### BRIEF
Leaving the images out, output each entry below exactly.

Dataset entries
───
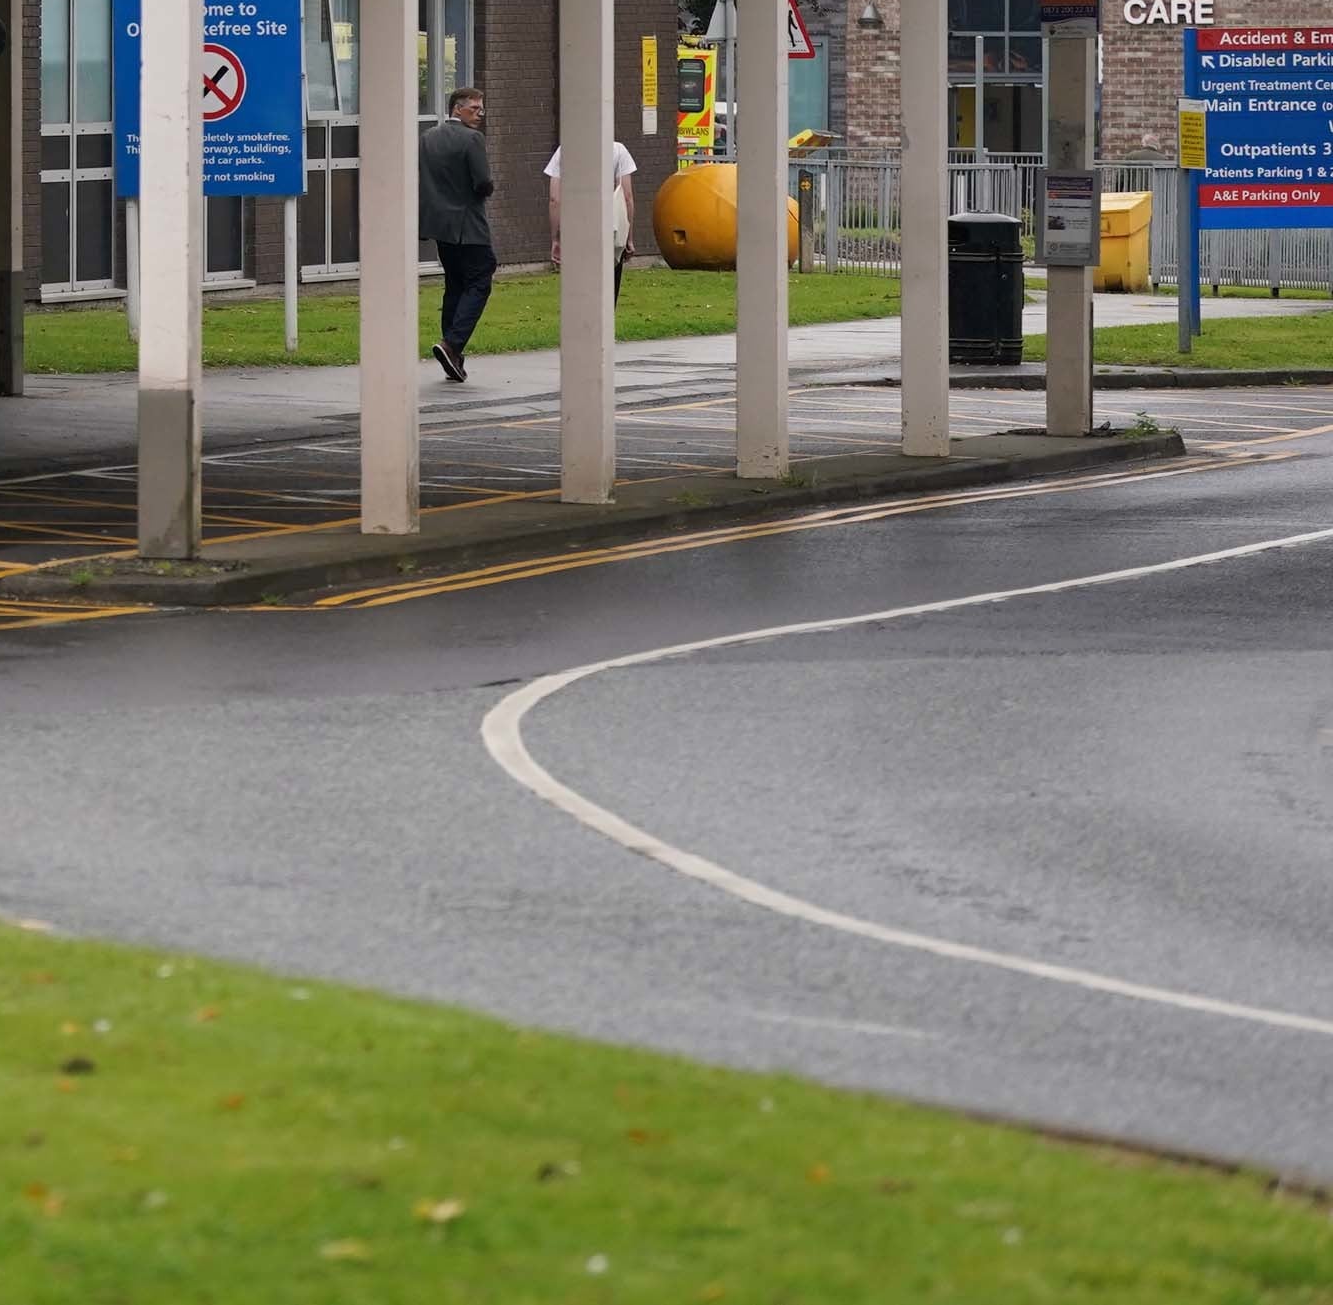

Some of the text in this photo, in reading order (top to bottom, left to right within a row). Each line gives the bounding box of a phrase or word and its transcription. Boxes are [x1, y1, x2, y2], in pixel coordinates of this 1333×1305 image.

[238, 2, 257, 16] to
[1123, 0, 1215, 25] CARE
[204, 21, 288, 36] kefree Site
[1220, 31, 1333, 45] Accident & Em
[1219, 52, 1333, 67] Disabled Parki
[1201, 80, 1245, 94] Urgent
[1248, 80, 1313, 91] Treatment
[1204, 99, 1242, 112] Main
[1249, 99, 1317, 112] Entrance
[126, 133, 140, 143] Th
[237, 132, 291, 142] smokefree.
[125, 143, 292, 156] Thi orways, buildings,
[1221, 142, 1332, 159] Outpatients 3
[203, 156, 265, 166] nd car parks.
[202, 171, 275, 183] or not smoking
[1205, 167, 1254, 178] Patients
[1257, 166, 1303, 180] Parking
[1307, 167, 1313, 177] 1
[1317, 167, 1327, 177] &
[1213, 189, 1321, 203] A&E Parking Only
───
### ANSWER BOX
Some of the text in this photo, in reading order (top to bottom, left to right within a row). Each line gives the bounding box of a phrase or word and its transcription. Boxes are [x1, y1, x2, y2], in pixel coordinates of this 1333×1305 image.

[238, 2, 257, 16] to
[1123, 0, 1215, 25] CARE
[204, 21, 288, 36] kefree Site
[1220, 31, 1333, 45] Accident & Em
[1219, 52, 1333, 67] Disabled Parki
[1201, 80, 1245, 94] Urgent
[1248, 80, 1313, 91] Treatment
[1204, 99, 1242, 112] Main
[1249, 99, 1317, 112] Entrance
[126, 133, 140, 143] Th
[237, 132, 291, 142] smokefree.
[125, 143, 292, 156] Thi orways, buildings,
[1221, 142, 1332, 159] Outpatients 3
[203, 156, 265, 166] nd car parks.
[202, 171, 275, 183] or not smoking
[1205, 167, 1254, 178] Patients
[1257, 166, 1303, 180] Parking
[1307, 167, 1313, 177] 1
[1317, 167, 1327, 177] &
[1213, 189, 1321, 203] A&E Parking Only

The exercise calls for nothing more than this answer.